Introduction
As the technologies develop rapidly, AI has been integrated to various kinds of verticals including Smart City, ITS, Smart Manufacturing, Smart Medical, and more. In this blog, we tested a solution integrated AEWIN hardware and our partner InfinitiesSoft AI Stack software to accelerate GPU load balancing and scaling for inferencing.
Test Setup
AEWIN’s SCB-1932 MEC is a 2U rack-mount hardware networking system. Based on dual 3rd Gen Intel® Xeon® scalable processors, the high-performance platform supports eight channels DDR4 register ECC RDIMM (up to 3200 MHz), and has a maximum memory capacity of up to 1TB per CPU, supporting up to eight Network Expansion Modules or four Network Expansion Modules plus two PCIe x16 full-height, full-length PCIe slots. The maximum capable Ethernet bandwidth is up to 800GbE.
A performant platform for the development and orchestration of machine learning is created through the integration of the AEWIN Edge AI Server and the AI-stack of InfinitiesSoft. The Edge AI Appliance provides the ideal development environment to support industry in creating valuable applications.
System |
AEWIN SCB-1932C |
Processor |
2x Intel® Xeon® Gold 5318S CPU @ 2.10GHz |
DIMM Slot |
16x DDR4 32G=512G |
OS |
Ubuntu Linux 18.04 (Kernel: 5.4.0-Generic) |
BIOS |
C1932A003 |
BIOS Settings |
“Above 4G Decoding”: Enable
“Above 4GB MMIO BIOS assignment”: Enable |
PCIe Accelerator |
2x NVIDIA T4 |
Figure 1: Test system set-up
Figure 2: GPU load balancing and scaling
Figure 3: Run the script to activate the demo
Figure 4: Increase the number of GPU
Figure 5: Increase more workload against more allocated GPUs. e.g. GPUs to concurrent users ratio at 2 to 1, 2 to 4, 2 to 8, 2 to 10.

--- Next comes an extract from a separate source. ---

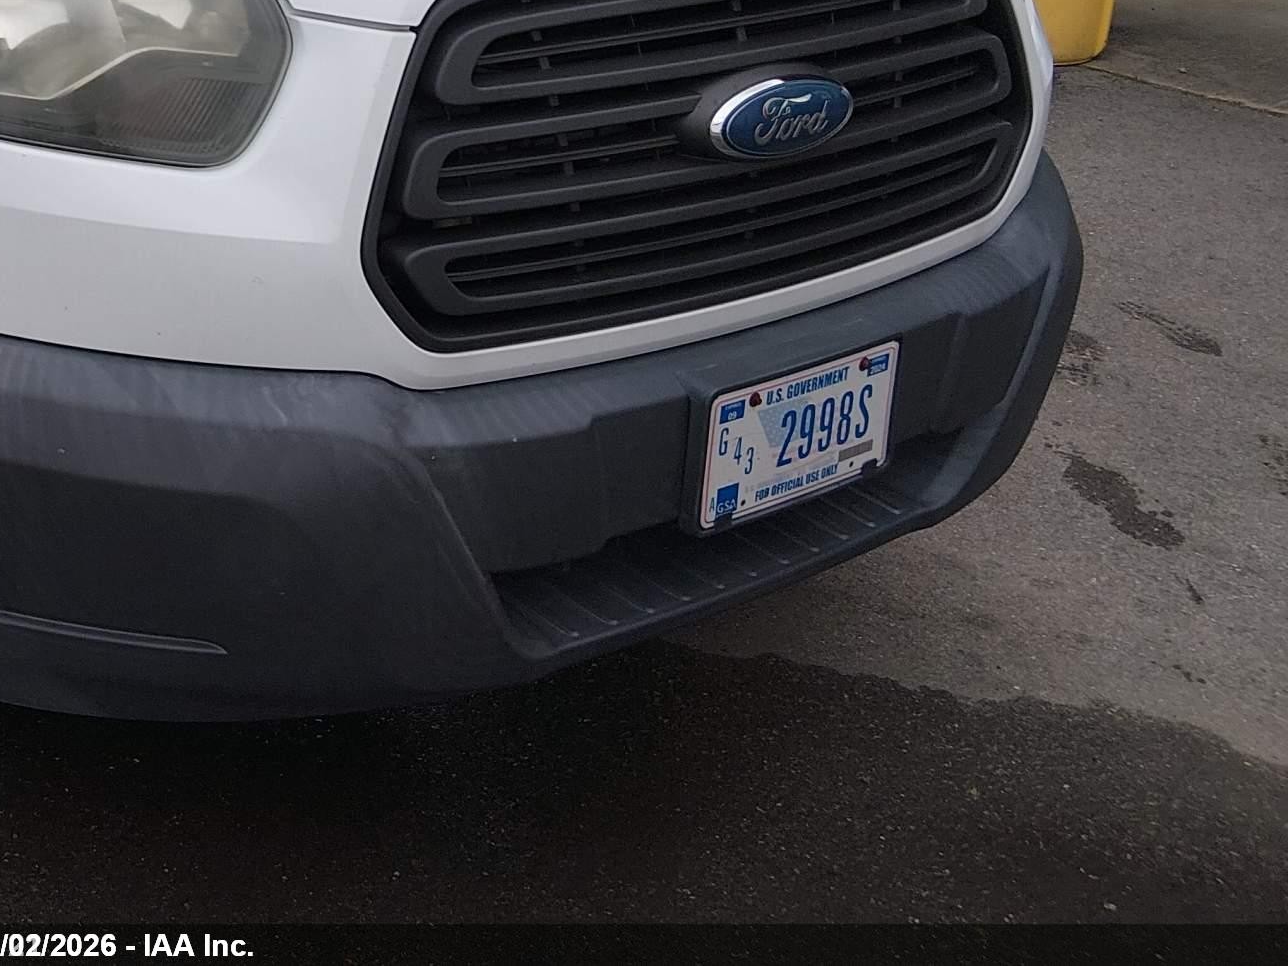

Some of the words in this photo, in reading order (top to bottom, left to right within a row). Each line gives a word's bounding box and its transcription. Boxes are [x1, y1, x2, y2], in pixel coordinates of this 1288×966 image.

The results presented in Figure 5 show that AEWIN SCB-1932C Edge AI server with AI Stack, can perform GPU load balancing and scaling for inferencing and deliver linear relationships when we increase the workloads and GPUs.
Summary
In this test, we demonstrated a solution integrated hardware (AEWIN – Intel Xeon Ice Lake SP Edge AI Server) and software (InfinitiesSoft AI Stack) to accelerate GPU load balancing and scaling for inferencing. The integration of AEWIN Edge Server and AI Stack can optimize the use of GPU resources with better efficiency and make AI development/management easy and quick through the interface platform. The AEWIN Edge AI Server with installed AI Stack platform can handle numerous servers to strengthen the total resources for high-efficient operation and to create win-win solutions for the AI applications.